### Directions
Transcribe each entry exactly, without pictures.

### Data for review
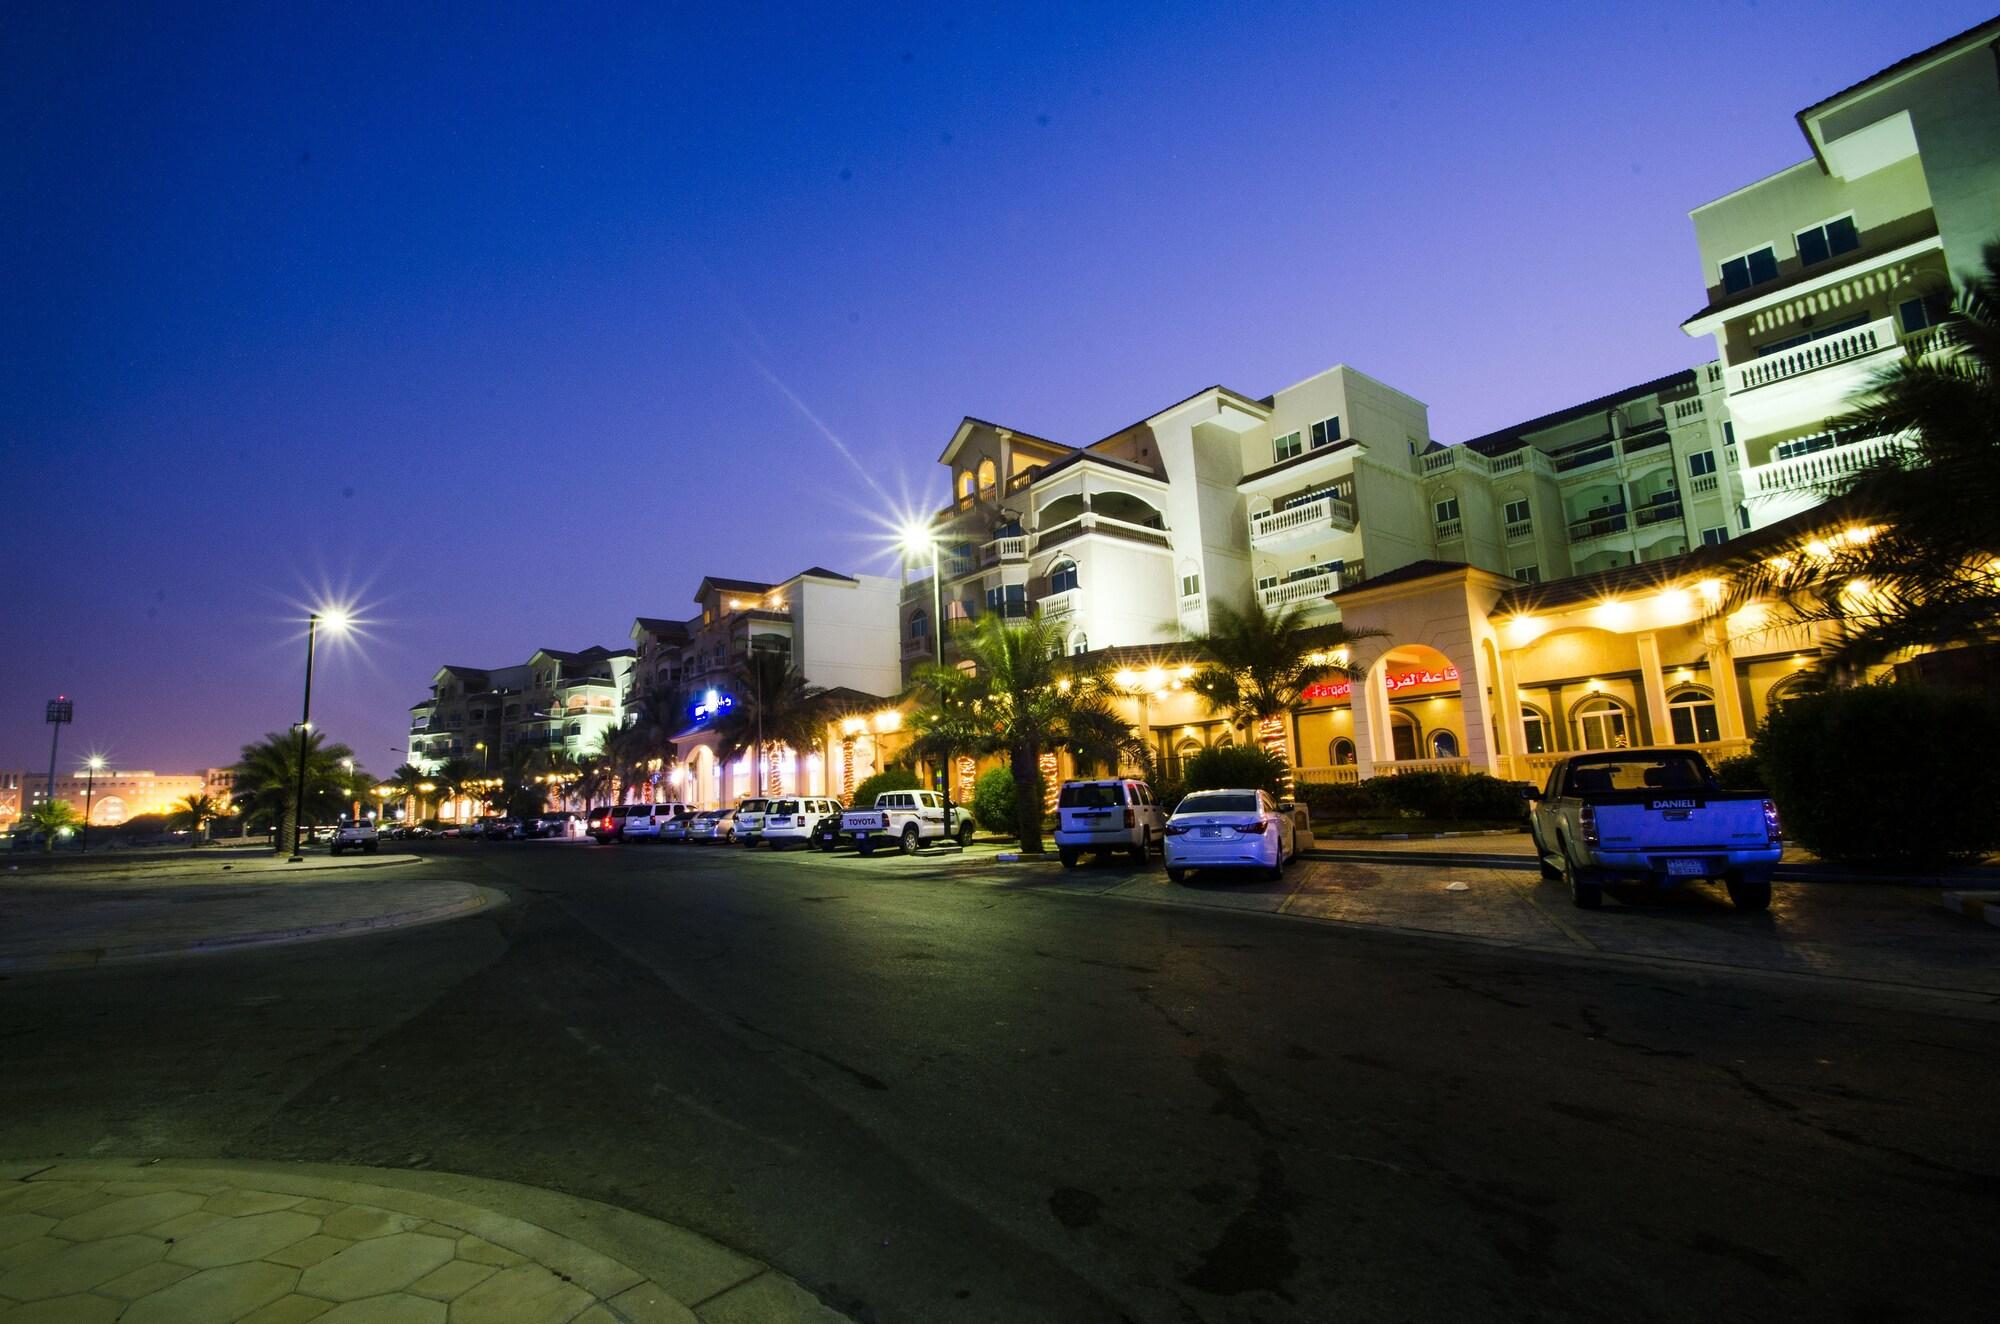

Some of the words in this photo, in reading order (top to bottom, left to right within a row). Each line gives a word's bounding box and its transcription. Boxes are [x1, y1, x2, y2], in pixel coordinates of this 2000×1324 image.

[1421, 666, 1459, 683] قاعة
[1385, 672, 1421, 691] الفرق
[1653, 799, 1696, 809] DANIELI
[849, 817, 877, 826] TOYOTA

### Task answer
Some of the words in this photo, in reading order (top to bottom, left to right within a row). Each line gives a word's bounding box and its transcription. Boxes are [x1, y1, x2, y2], in pixel coordinates of this 2000×1324 image.

[1421, 666, 1459, 683] قاعة
[1385, 672, 1421, 691] الفرق
[1653, 799, 1696, 809] DANIELI
[849, 817, 877, 826] TOYOTA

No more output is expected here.